PAK1 as a therapeutic target

Abstract

Importance of the field: P21-activated kinases (PAKs) are involved in multiple signal transduction pathways in mammalian cells. PAKs, and PAK1 in particular, play a role in such disorders as cancer, mental retardation and allergy. Cell motility, survival and proliferation, the organization and function of cytoskeleton and extracellular matrix, transcription and translation are among the processes affected by PAK1.

Areas covered in this review: We discuss the mechanisms that control PAK1 activity, its involvement in physiological and pathophysiological processes, the benefits and the drawbacks of the current tools to regulate PAK1 activity, the evidence that suggests PAK1 as a therapeutic target and the likely directions of future research.

What the reader will gain: The reader will gain a better knowledge and understanding of the areas described above.

Take home message: PAK1 is a promising therapeutic target in cancer and allergen-induced disorders. Its suitability as a target in vascular, neurological and infectious diseases remains ambiguous. Further advancement of this field requires progress on such issues as the development of specific and clinically acceptable inhibitors, the choice between targeting one or multiple PAK isoforms, elucidation of the individual roles of PAK1 targets and the mechanisms that may circumvent inhibition of PAK1.

Figure 1. Relative expression of PAK-1 mRNA in human tissue

Oligonucleotide microarray hybridization data has been obtained from www.biogps.com. Relative signal intensity values are depicted in arbitrary units with ranges.

Figure 2. Schematic representation of human group I and group II PAKs indicating the structural similarities and differences

Left upper panel show a 2.3 Ao resolution structure of human PAK1 (Group I) kinase domain from the available information on their crystal structures (retrieved from www.PyMOL.org). The asymmetric unit of the crystals contains two complexes, a auto-regulatory domain (aa 7-149) and a Kinase domain (aa 249-545) with a mutation in the kinase domain (K299R) that ablates its catalytic activity. These domains are linked into a dimer by the N-terminal segments (aa 78-88) of the auto-regulatory fragments. Right upper panel represents linear structure of Group I PAK isoforms. Group I PAKs contain a conserved overlapping PBD/CRIB/AID region. Interaction of Rac and cdc42 with the CRIB domain has been shown to release the group I PAKs from auto-inhibition. Left lower panel shows 1.6 Ao resolution structure of enzymatically active human PAK-4 catalytic domain (aa 291-591) when it is phosphorylated at the activating loop positions corresponding to Ser-474. It can be noted that the overlapping CRIB (aa 75-90) and AID (aa 83-149) regions that are present in group I PAKs is missing in PAK4. Right lower panel is a linear representation of group II PAKs.
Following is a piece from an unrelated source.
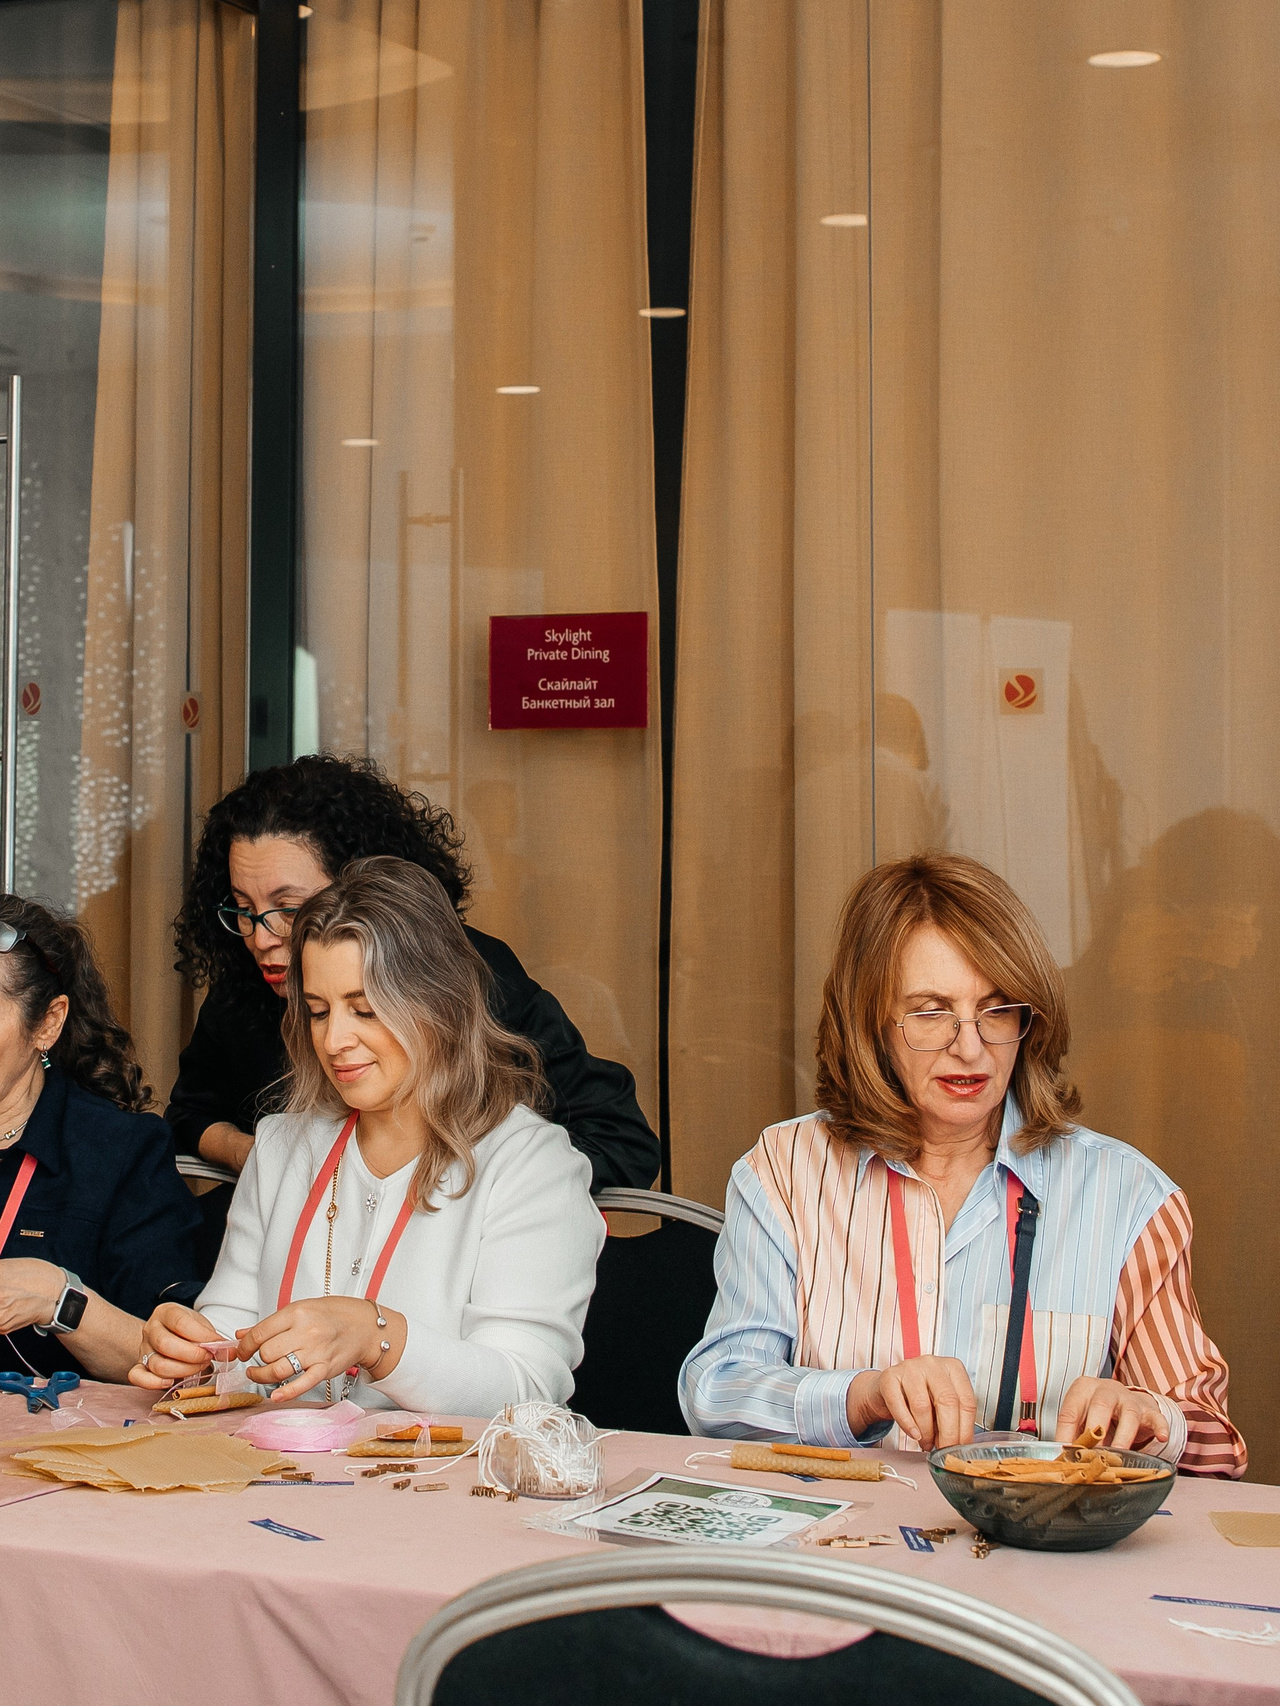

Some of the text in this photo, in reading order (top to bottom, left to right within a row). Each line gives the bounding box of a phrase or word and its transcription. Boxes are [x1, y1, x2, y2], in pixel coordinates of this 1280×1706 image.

[544, 628, 592, 645] Skylight
[527, 647, 610, 663] Private Dining
[537, 678, 598, 691] Скайлайт
[521, 696, 615, 710] Банкетный зал
Group II PAKs lack AID, CRIB, acidic and PIX binding regions that are present in Group I PAKs.

Figure 3. Intracellular localization of PAK1

Fluorescent microscopic images of NIH 3T3 fibroblasts treated with control (PBS) and fibroblast growth factor (FGF; 20ng/ml) showing intracellular distribution of PAK1. In a resting cell, PAK1 is localized mostly in the cytoplasm. In order to study the PAK1 translocation in activated cells, NIH 3T3 fibroblasts were treated with 20ng/ml of FGF and incubated for 30 minutes in a CO2 incubator at 37°C. Cells were fixed with 2% para-formaldehyde and stained with PAK1 antibody (Santa Cruz biotechnology). Upon treatment with FGF, PAK1 is seen to be translocated to the plasma membrane according to its well-characterized role in the regulation of cytoskeletal dynamics and cell motility.

Figure 4. Schematic representation of PAK1 and some of its substrates regulating various cellular functions

Various stimuli, such as growth factors and integrins, activates PAK1 via GTP-bound Rac and Cdc42. Enhanced expression of Lamins B and C via phosphorylation and activation of Integrin Linked Kinase (ILK) has been implicated in the regulation of nuclear integrity. PAK1 is known to protect cells from apoptosis through at least three different pathways involving FKHR, Bcl-2 and DLC1. In the regulation of cellular proliferation, PAK1 regulates activity of Raf and Aurora kinases. PAK1 is also known to regulate cellular respiration via phoshorylations of p47- and p67- phox proteins. The most studied and well-characterized function of PAK1 is in the regulation of cytoskeletal remodeling. While PAK1 regulates microtubule dynamics through inhibition of stathmin and activation of TCoB and DLC1, it also regulates actin assembly and disassembly through phosphorylations of LIM Kinase and cytoskeletal proteins such as Filamin A, Arp2/3, Caldesmon, Cortactin and Paxillin. Apart from this, PAK1 also phosphorylates myosin binding unit (MBS) that in turn, inhibits phosphorylation of myosin light chain (MLC).